Google has been bullish when it comes to incorporating Artificial Intelligence (AI) in various experiments. This time its has created an AI-powered terrarium that tells the live weather of any part on the earth by mimicking the conditions of that place.
Listed on GitHub, the experiment is called Project Oasis and is a voice controlled terrarium that recreates outside weather inside a box. You can talk to it through Google Assistant to ask about the weather or ask it to create certain conditions.
The project is developed by an Indian-origin developer Harpreet Sareen and his friends at the Google Creative Lab. The group said that other developers can also build their own terrarium. Detailed instructions of fabrication and electronics are here.
The terrarium, which comprises of three modules: Dialogflow functions, Cloud PubSub NodeJS listener and Arduino sketch, recreates rain, clouds and lighting in a self sufficient closed and living ecosystem.

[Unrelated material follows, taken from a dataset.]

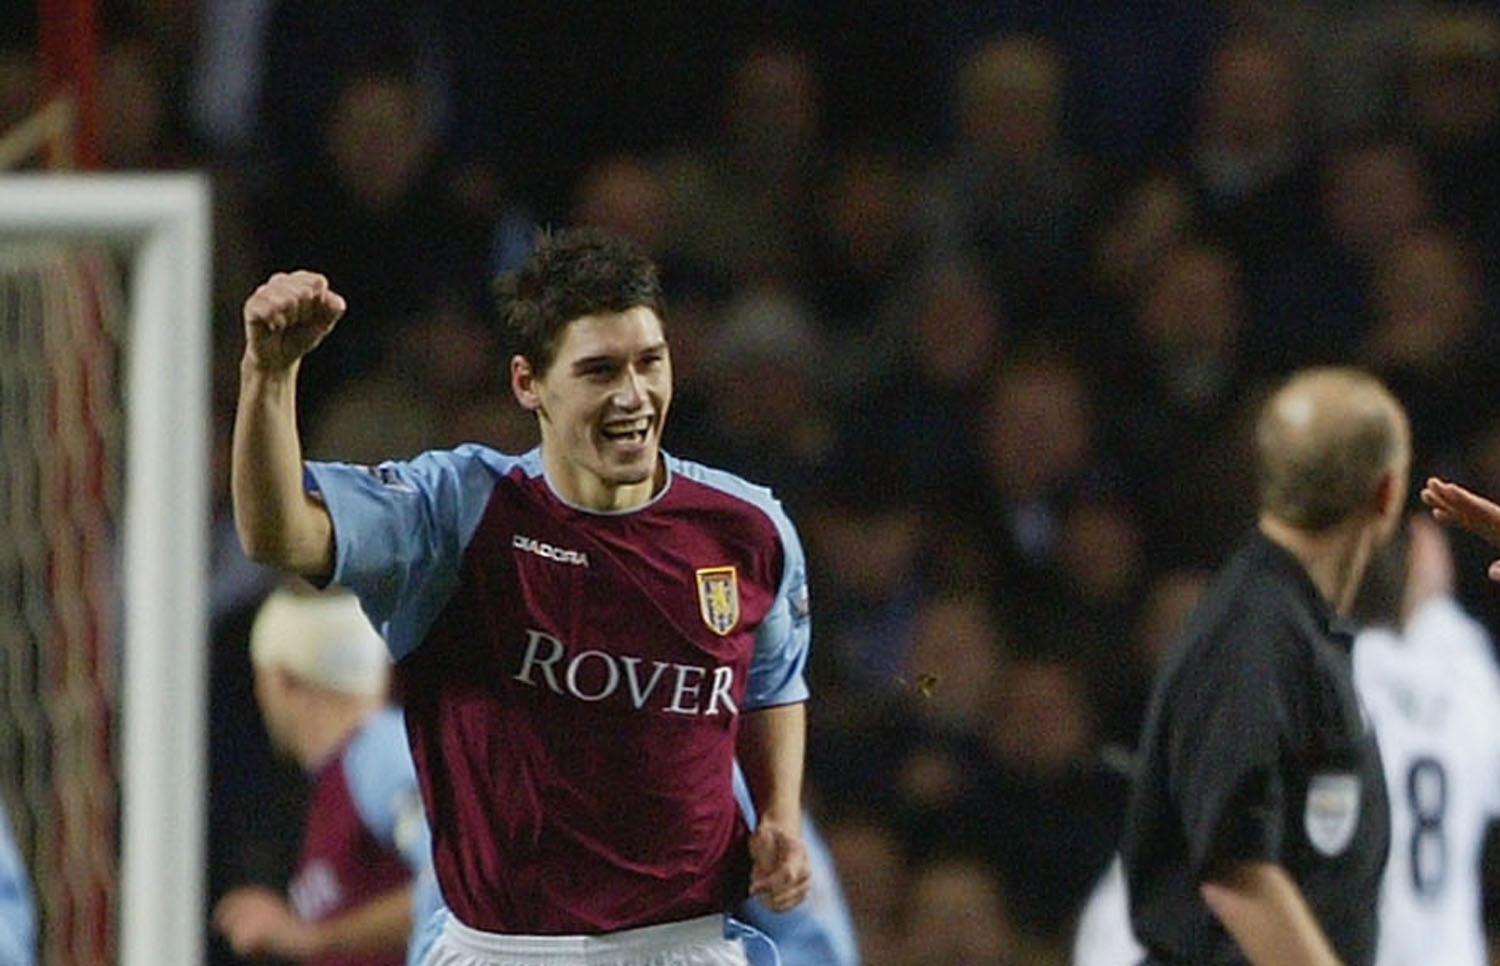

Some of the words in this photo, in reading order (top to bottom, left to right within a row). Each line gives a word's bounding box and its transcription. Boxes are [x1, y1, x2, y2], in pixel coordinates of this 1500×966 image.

According to the details on GitHub, the developers used Google's Dialogflow to parse natural language for the required parameters of city, location or action. User's voice input are mapped to actions or functions exported in the Dialogflow fulfillment.

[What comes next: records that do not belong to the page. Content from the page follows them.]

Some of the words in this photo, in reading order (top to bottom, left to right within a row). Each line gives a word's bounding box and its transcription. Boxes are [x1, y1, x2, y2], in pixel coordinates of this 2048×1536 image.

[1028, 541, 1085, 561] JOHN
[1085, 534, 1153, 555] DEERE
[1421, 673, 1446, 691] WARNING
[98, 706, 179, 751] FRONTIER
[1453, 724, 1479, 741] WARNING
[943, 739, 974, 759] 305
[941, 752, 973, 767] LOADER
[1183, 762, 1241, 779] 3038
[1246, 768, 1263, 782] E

“These functions use openweathermap api to extract information about clouds, rain, light conditions at a particular location. The result JSON is passed onto the terrarium using Google's Cloud PubSub — a realtime notification system. PubSub messages then trigger appropriate components within the terrarium,” it said.
For example, if you ask about the weather in New Delhi, the terrarium will recreate the weather with light, shooting mist (for fog or clouds) or rain depending upon the current weather conditions of the capital city .

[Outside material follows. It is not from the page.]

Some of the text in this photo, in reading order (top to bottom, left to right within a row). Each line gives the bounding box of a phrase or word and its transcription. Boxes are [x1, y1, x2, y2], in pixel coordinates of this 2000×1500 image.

Last month, Google created an AI-powered experiment emoji scavenger hunt that showed how the company’s machine learning tools can be used to make fun little games. The experiment asks the user to use a smartphone's camera to find objects that match an emoji within a time limit. With each find, the time limit increases.
Google has also given users a (fun) glimpse of how far its natural language processing technology has come. Google Research division of the search-giant has rolled out Semantic Experiences, which are websites with interesting activities that demonstrate AIs' ability to understand how we speak.